→ Material to process
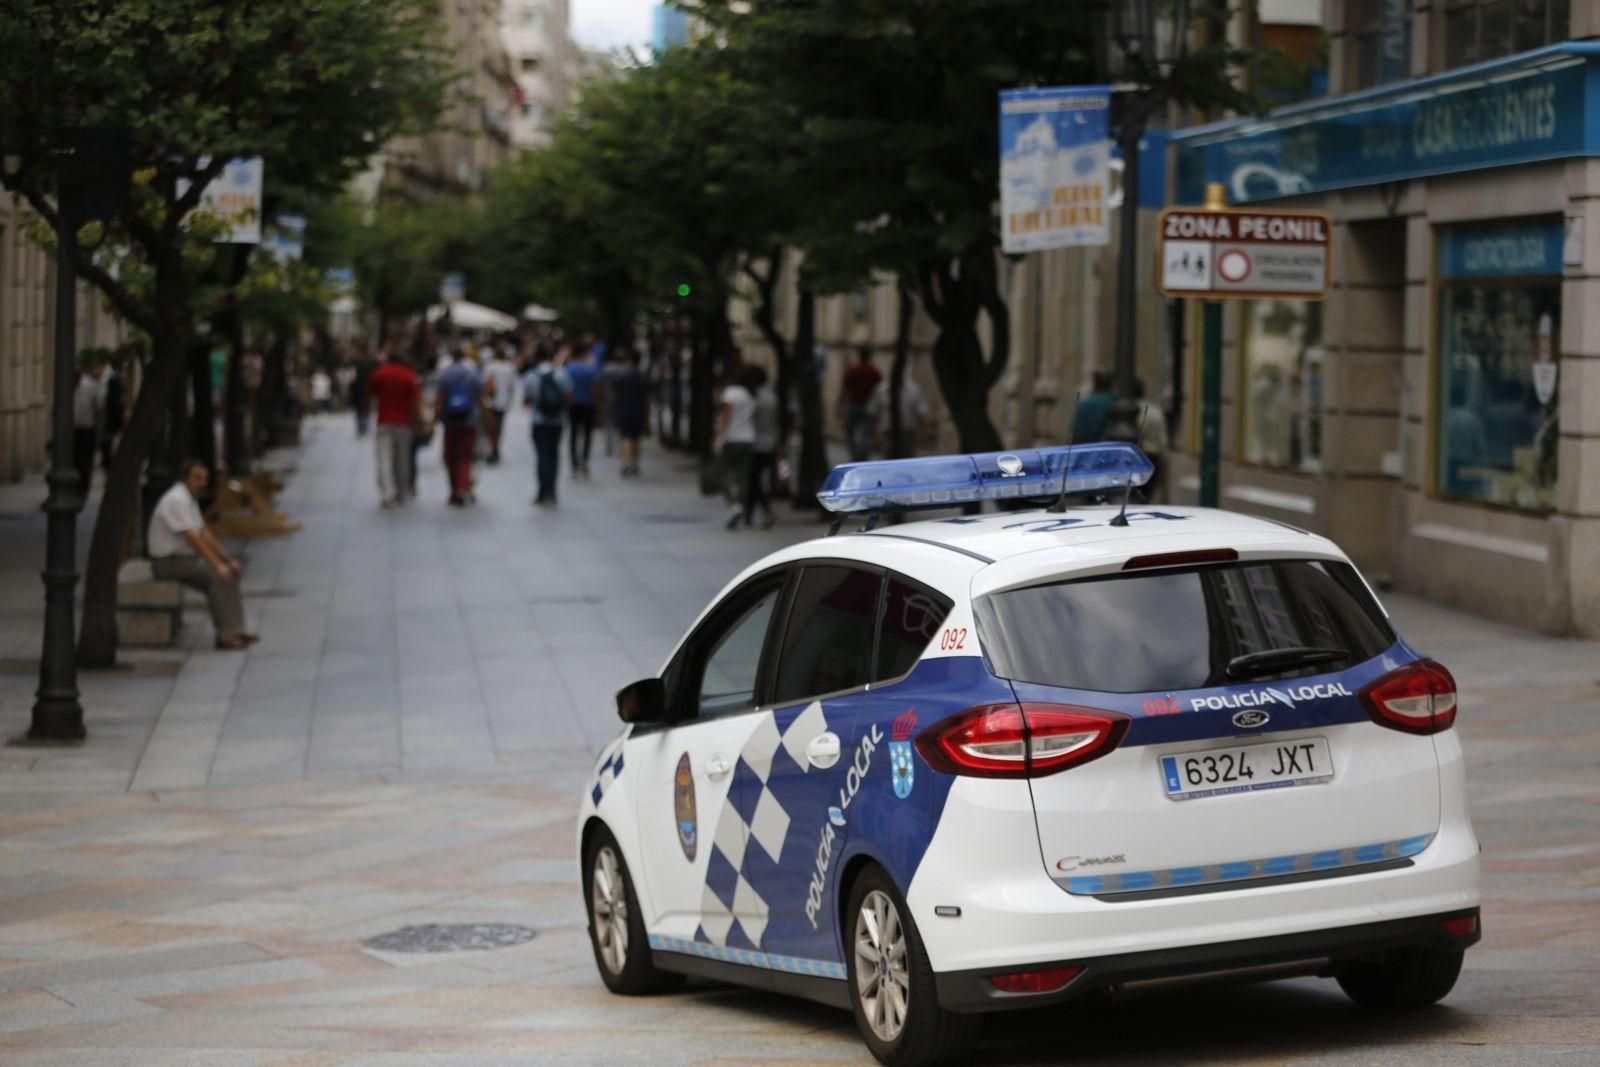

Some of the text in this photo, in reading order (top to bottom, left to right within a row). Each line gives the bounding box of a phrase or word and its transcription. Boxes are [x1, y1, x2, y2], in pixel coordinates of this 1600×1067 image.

[1165, 215, 1327, 241] ZONA PEONIL
[941, 628, 967, 650] 092
[1143, 697, 1180, 716] 092
[1191, 682, 1353, 712] POLICÍA LOCAL
[1185, 744, 1315, 785] 6324 JXT
[805, 723, 884, 929] POLICÍA LOCAL

→ Task to carry out
Please retype every record exactly, leaving the pictures out.

→ Your response
Some of the text in this photo, in reading order (top to bottom, left to right within a row). Each line gives the bounding box of a phrase or word and its transcription. Boxes are [x1, y1, x2, y2], in pixel coordinates of this 1600×1067 image.

[1165, 215, 1327, 241] ZONA PEONIL
[941, 628, 967, 650] 092
[1143, 697, 1180, 716] 092
[1191, 682, 1353, 712] POLICÍA LOCAL
[1185, 744, 1315, 785] 6324 JXT
[805, 723, 884, 929] POLICÍA LOCAL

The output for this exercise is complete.